The main features that I’ve built in recent time have been focused on increasing visibility for my blog, and ensuring it works on a wider variety of devices. Here’s the quick list of features that I’ve added:

First, some history

I’ve been using various blogging platforms and have moved back and forth from maintaining individual posts over time to writing posts at 3am and publishing without checking, to revising them several times before finally publishing them. This particular site is merely the latest incarnation of my blog, although I did put forth the effort to transfer most of my content to here prior to shuttering my old blog.

When I launched this site, I wanted it to look good. Not great, but good. That meant targeting mobile devices, reducing the graphic intensity of the design, and making it generally easier to consume the content I create. So I picked a layout I knew looked good, and didn’t use any javascript. I needed to make a few modifications to make it appropriate for use as a Jekyll template for a blog, rather than a project page. Notably, I changed around the nav sections to include a collapsable section to list recent posts, if there is sufficient space to display it. There were several other minor changes I made, mostly around improving the appearance on smaller screens.

From there, it was a matter of adding features that would help improve my blog’s visibility. Sitemaps were first, based off Tobias’ post. After that I started building Atom and RSS feeds. I made a few minor changes, such as splitting the feeds into reusable layouts. Not sure if or how I’ll end up using that, but at least I have it now.

From there, it was about adding social features that would increase the chances of someone wanting to share one of my posts (or at least make it look more “professional”). I’ve got a +1 button now, but I’m wondering whether or not I want to put forth the effort to make it work with other networks.
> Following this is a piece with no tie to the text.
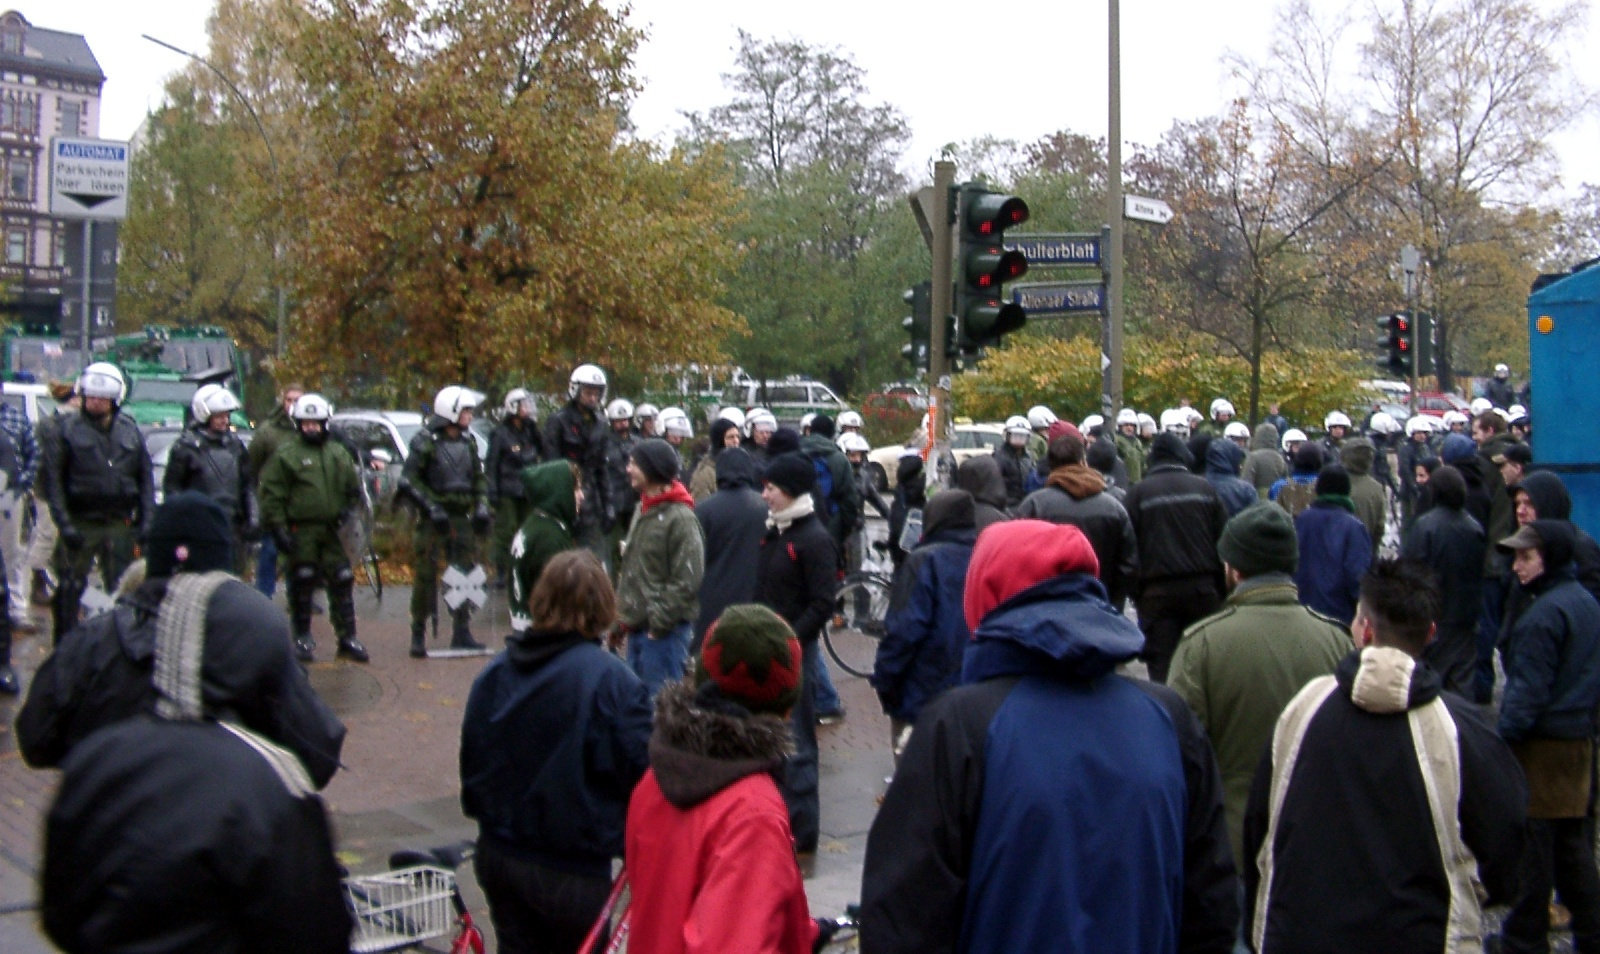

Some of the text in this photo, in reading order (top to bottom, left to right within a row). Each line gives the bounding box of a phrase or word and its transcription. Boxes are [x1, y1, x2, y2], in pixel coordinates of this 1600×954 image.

[63, 144, 120, 160] AUTOMAT
[57, 163, 124, 177] Parkschein
[56, 177, 124, 192] hier lösen
All that’s left is SEO and analytics. Huzzah!

RSS/Atom Feeds

RSS feed of my posts with it’s corresponding layout

Atom feed of my posts with it’s corresponding layout

Sitemap

Sitemap source

Adaptive layout

I based my design on the minimal theme for github pages, although with some rather massive changes. The trick here is to use some advanced CSS selectors that allow you to test the media width. See the source for details.

Google +1

This was a simple matter of adding the requisite code from Google. They actually make this very easy, although their code is extremely kludgy, and uses tables heavily (turning on the 3D visualizer in Firefox is enlightening)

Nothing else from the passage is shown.